5 Things I would Never Do While Parenting A Child
Added 2024-03-27 13:03:33 +0000 UTCI was recently asked by a loyal member what things would I not do if I had a child.
Based of my experiences and from what I’ve seen in other people, here are 5 things I would avoid whilst parenting a child.
1. Praises On Fixed-Traits
I would avoid praising them all the time on ONE fixed trait.
You are so beautiful
You are so smart
You are so athletic
You are so funny
You are so strong
Etc…
When someone is praised all the time on only ONE thing, eventually they will believe that’s all they have to offer in life.
Whereas, people who are given a growth mindset, this reflects their effort level, how hard they worked on something.
For Example, if they come home from an exam with the perfect scores,
I would say:
“wow, I can tell you must have studied really hard for this test, well done!”
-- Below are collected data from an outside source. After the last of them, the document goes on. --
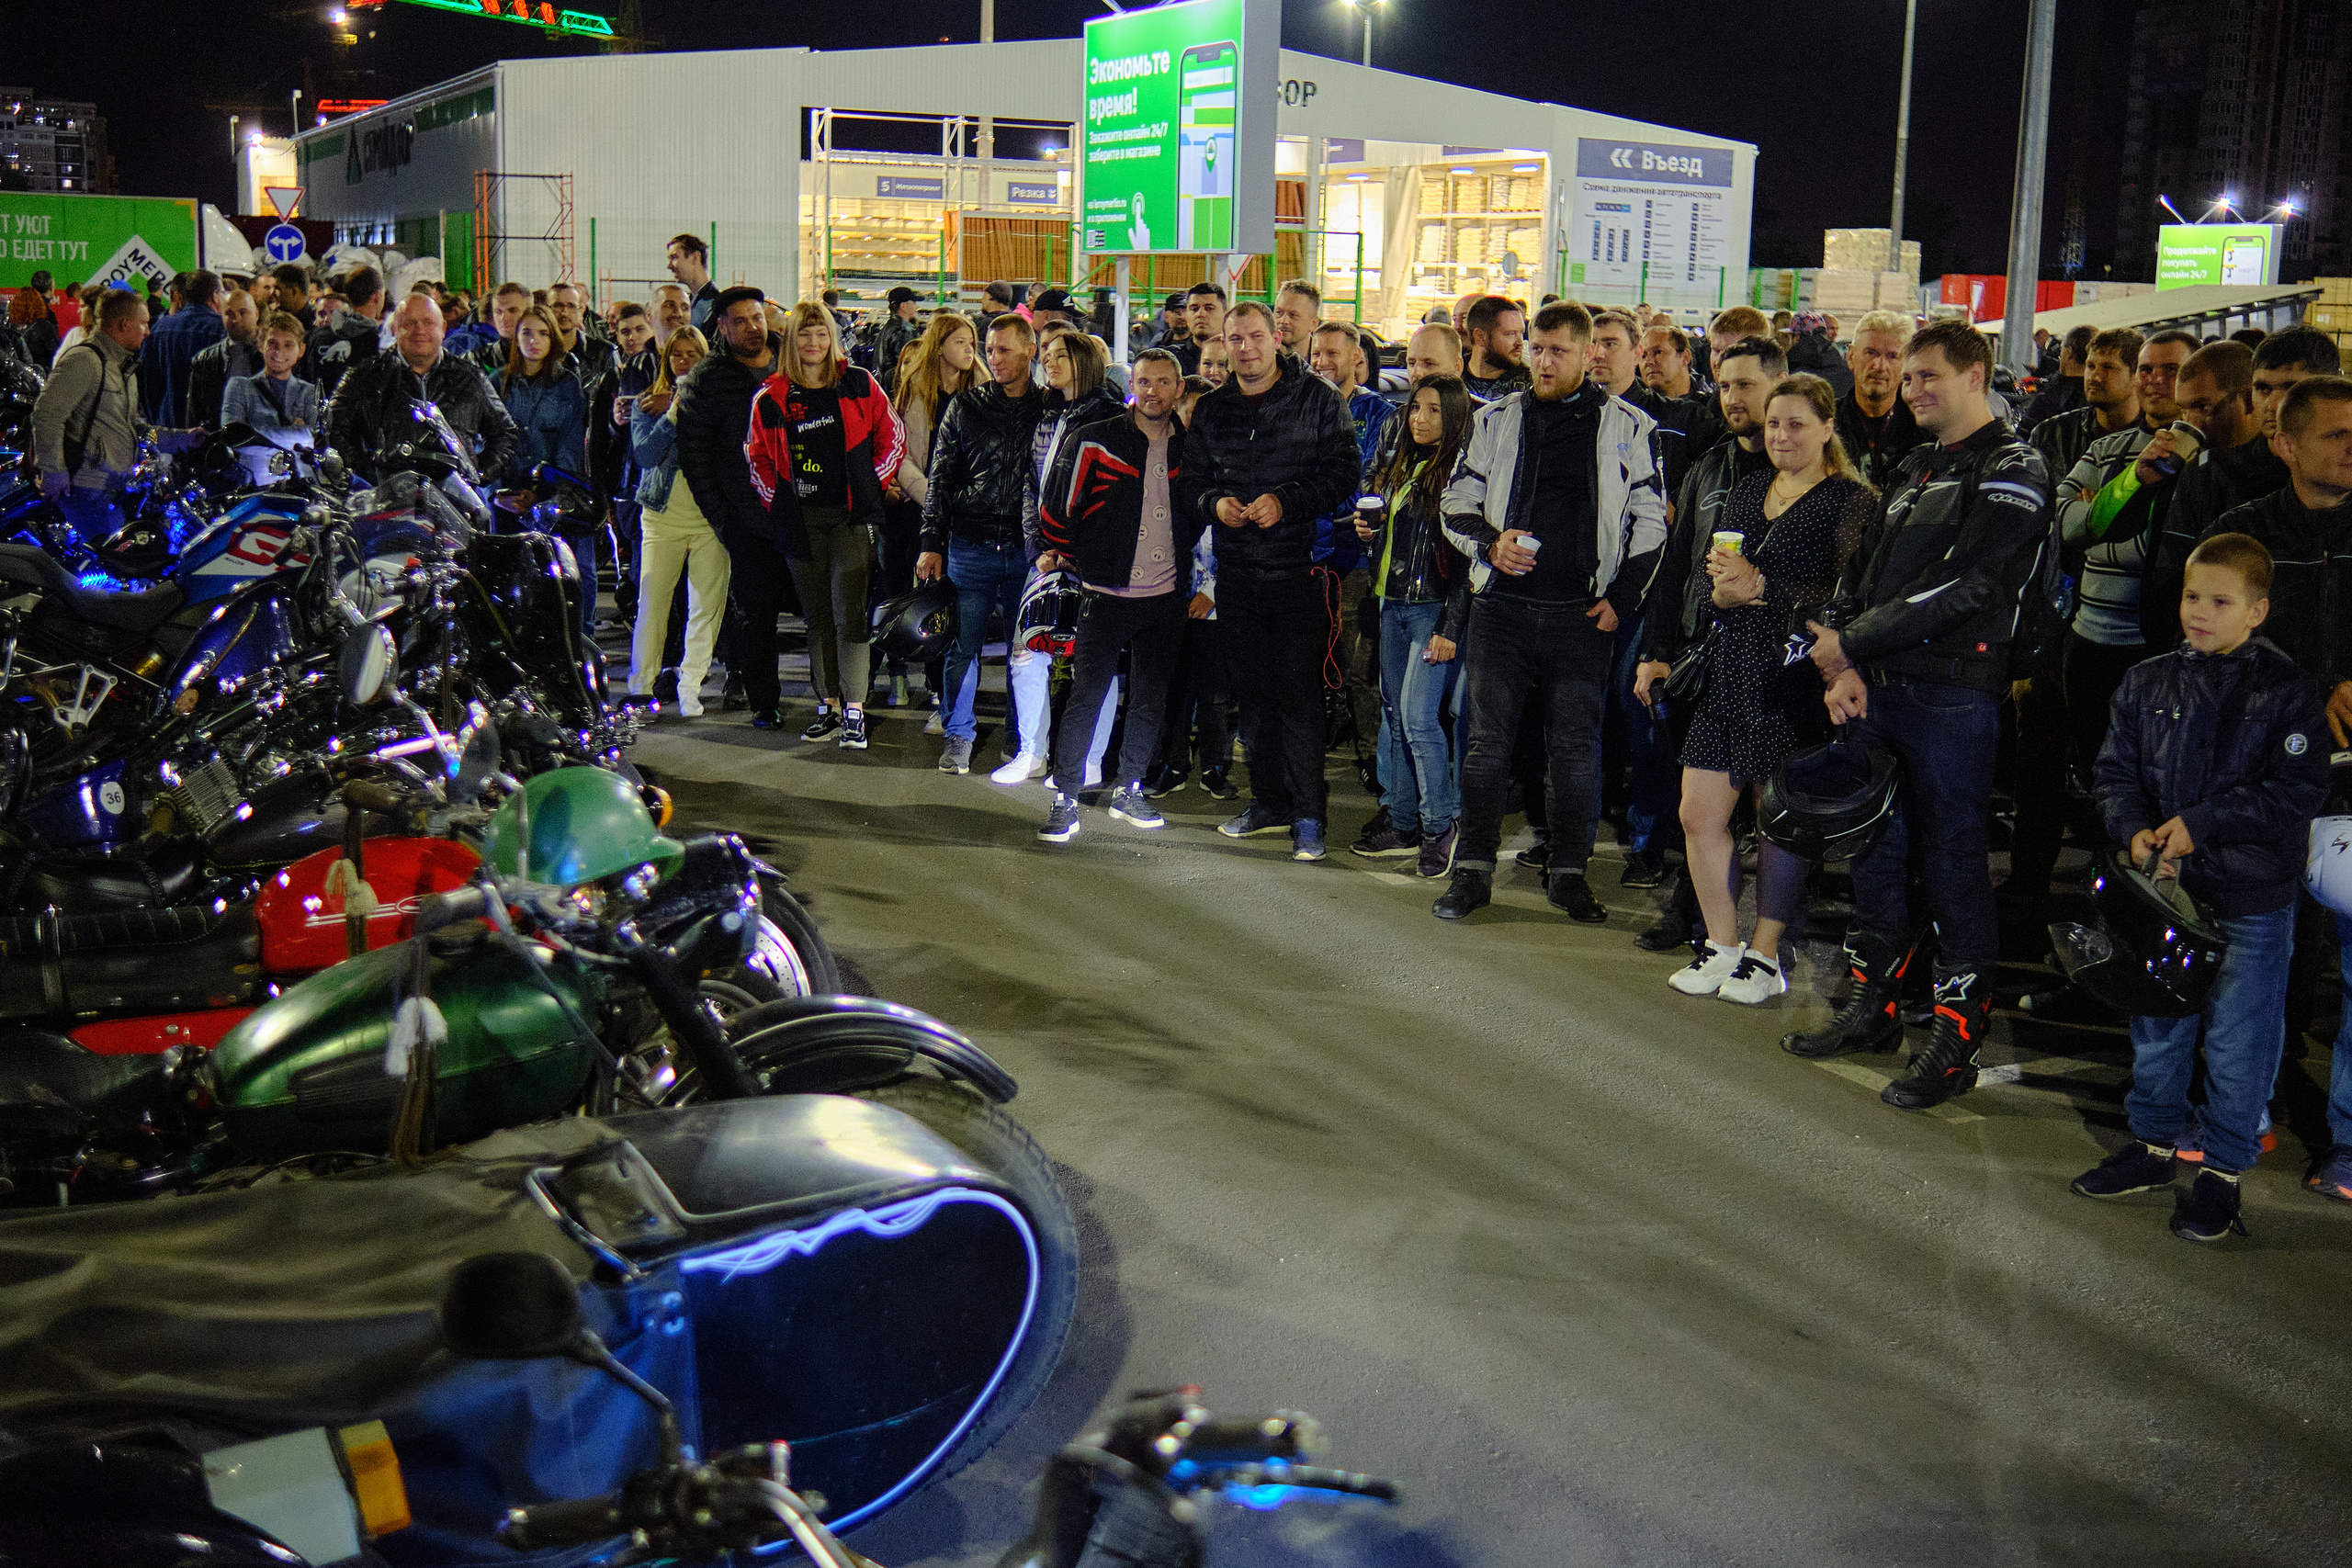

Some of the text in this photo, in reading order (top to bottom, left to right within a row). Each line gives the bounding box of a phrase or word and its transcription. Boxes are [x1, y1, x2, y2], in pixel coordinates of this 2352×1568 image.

[1089, 51, 1170, 85] Экономьте
[1089, 86, 1137, 126] время!
[1088, 121, 1169, 144] Закажите онлайн 24/7
[1642, 150, 1703, 178] Въезд
[880, 181, 890, 192] 5
[1012, 186, 1046, 198] Резка
[15, 215, 51, 236] УЮТ
[13, 239, 54, 262] ЕДЕТ
[58, 241, 89, 261] ТУТ
[2163, 246, 2217, 256] Продолжайте
[2162, 259, 2198, 268] покупать
[2161, 270, 2208, 279] онлайн 24/7
[802, 459, 823, 473] do.
[106, 791, 121, 805] 36
This way, you're valuing the grind, not just the outcome. It's about effort, not some innate quality they either have or don't.
Instead of saying to them “Wow, you are so smart, good job!”
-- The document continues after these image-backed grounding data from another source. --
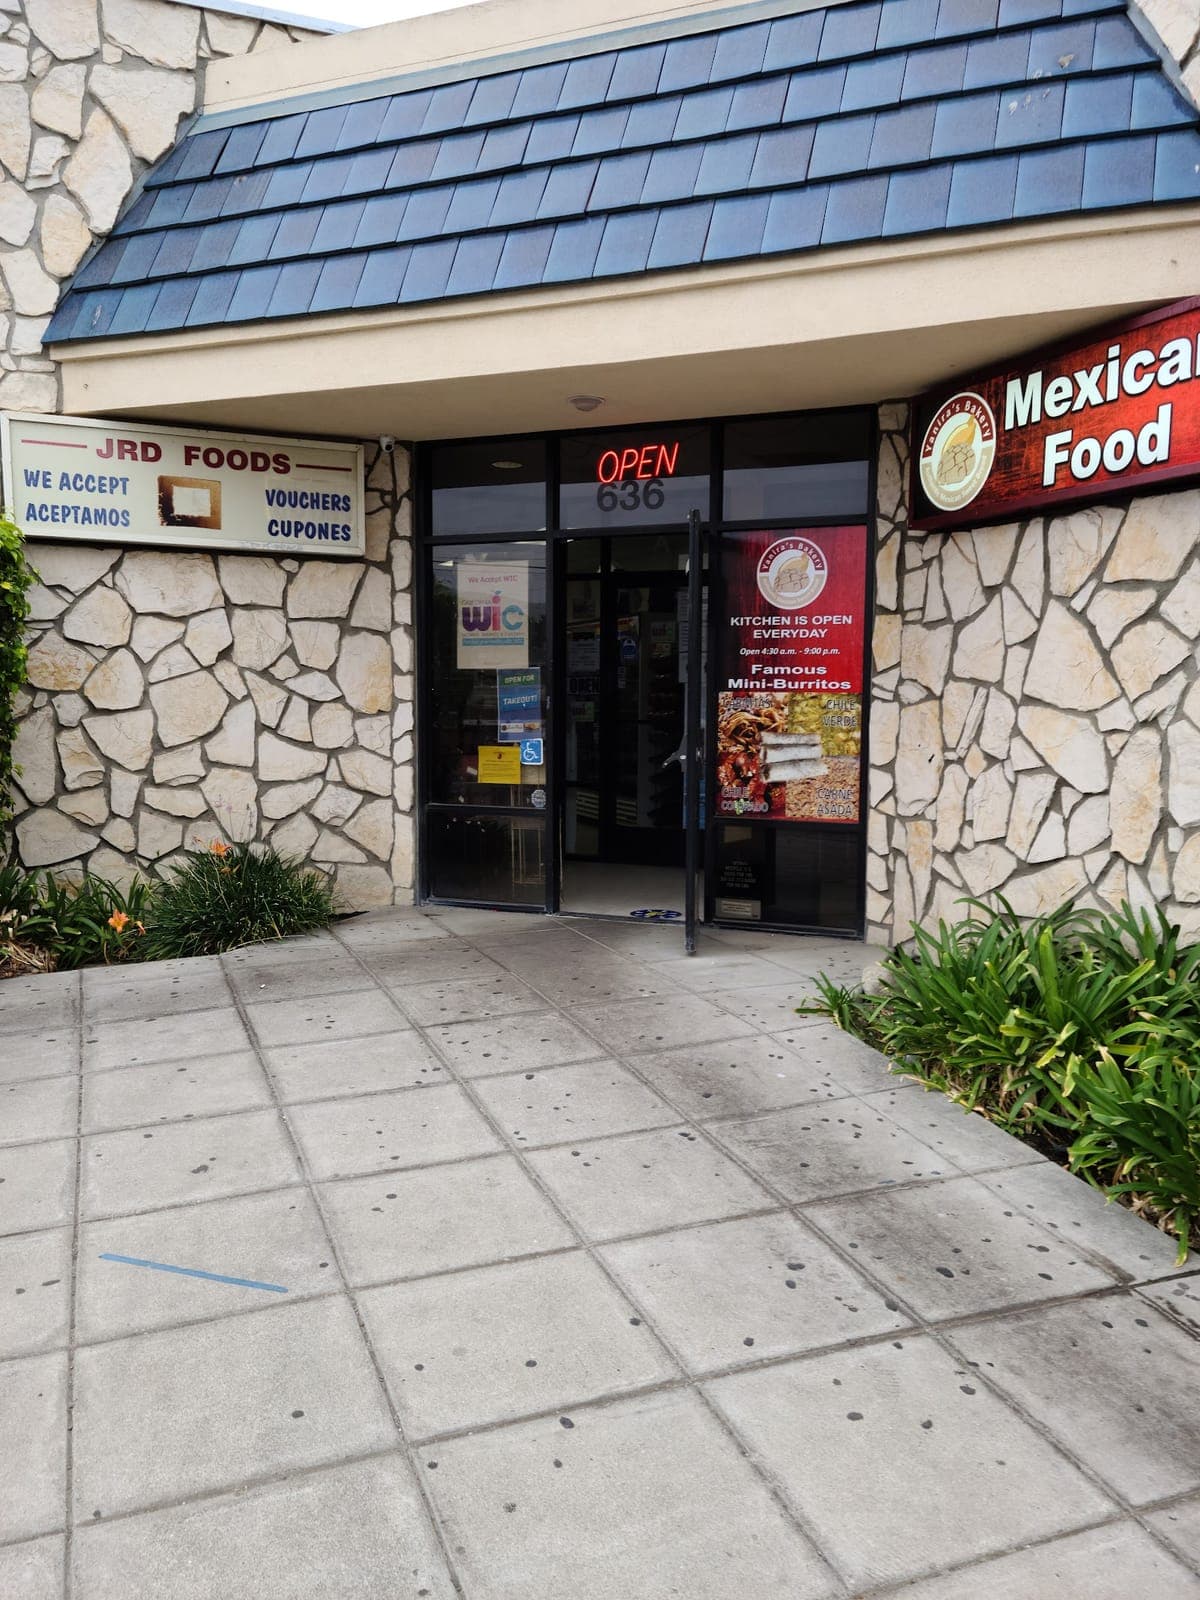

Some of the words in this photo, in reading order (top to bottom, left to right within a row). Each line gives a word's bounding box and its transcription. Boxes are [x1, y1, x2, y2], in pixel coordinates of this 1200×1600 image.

[1004, 333, 1200, 431] Mexica
[925, 402, 961, 453] Yanira's
[964, 400, 991, 438] Bakery
[1043, 402, 1173, 487] Food
[96, 438, 162, 463] JRD
[184, 445, 291, 475] FOODS
[597, 442, 680, 484] OPEN
[23, 469, 52, 489] WE
[58, 471, 130, 496] ACCEPT
[265, 489, 351, 513] VOUCHERS
[596, 478, 665, 512] 636
[25, 503, 131, 527] ACEPTAMOS
[267, 519, 351, 541] CUPONES
[761, 541, 794, 569] Yanira's
[798, 542, 823, 568] Bakery
[480, 576, 501, 584] Accept
[462, 594, 524, 632] wic
[730, 616, 791, 626] KITCHEN
[795, 616, 808, 625] IS
[812, 615, 853, 625] OPEN
[753, 629, 828, 639] EVERYDAY
[739, 648, 760, 656] Open
[822, 648, 841, 656] p.m.
[751, 665, 828, 675] Famous
[504, 675, 522, 684] OPEN
[728, 679, 851, 690] Mini-Burritos
[503, 695, 538, 705] TAKEOUT!
[826, 699, 857, 710] CHILE
[823, 715, 857, 727] VERDE
[721, 787, 750, 798] CHILE
[817, 788, 853, 799] CARNE
[817, 803, 853, 815] ASADA
Because what would happen if they don’t do as well in the next exam?
If they have a fixed trait, they would take it personal and start feeling as if they are dumb which can lower their confidence and self esteem then this would lead to trying to prove that they are still the 'smart' kid.
Whereas, when you encourage them based on their effort, it would not feel as if it’s the end of the world if they did not score as high on the next exam. They just know next time they’ll have to study harder but they will not feel as if they are ‘dumb’ or stupid because they did not do as well.
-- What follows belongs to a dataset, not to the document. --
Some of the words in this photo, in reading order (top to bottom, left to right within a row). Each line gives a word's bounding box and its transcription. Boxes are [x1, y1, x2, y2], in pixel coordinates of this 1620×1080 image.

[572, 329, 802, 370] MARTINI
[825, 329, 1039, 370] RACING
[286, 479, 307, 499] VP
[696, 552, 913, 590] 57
Encouraging them to value hard work and grinding over inherent traits teaches resilience.
They'll learn that a setback isn't a verdict on their intelligence, it’s just a sign to try harder next time. No drama, just a lesson learned.
If I noticed they excel in a certain area of their life, (Intelligence, beauty, athletic ability etc…) I would not hide this from them.
I just would not make them believe that trait to be their entire personality. I would compliment them about it in moderation.
This is not about being harsh, but rather about not boxing them into a corner where their self-worth hinges on just one aspect of their being.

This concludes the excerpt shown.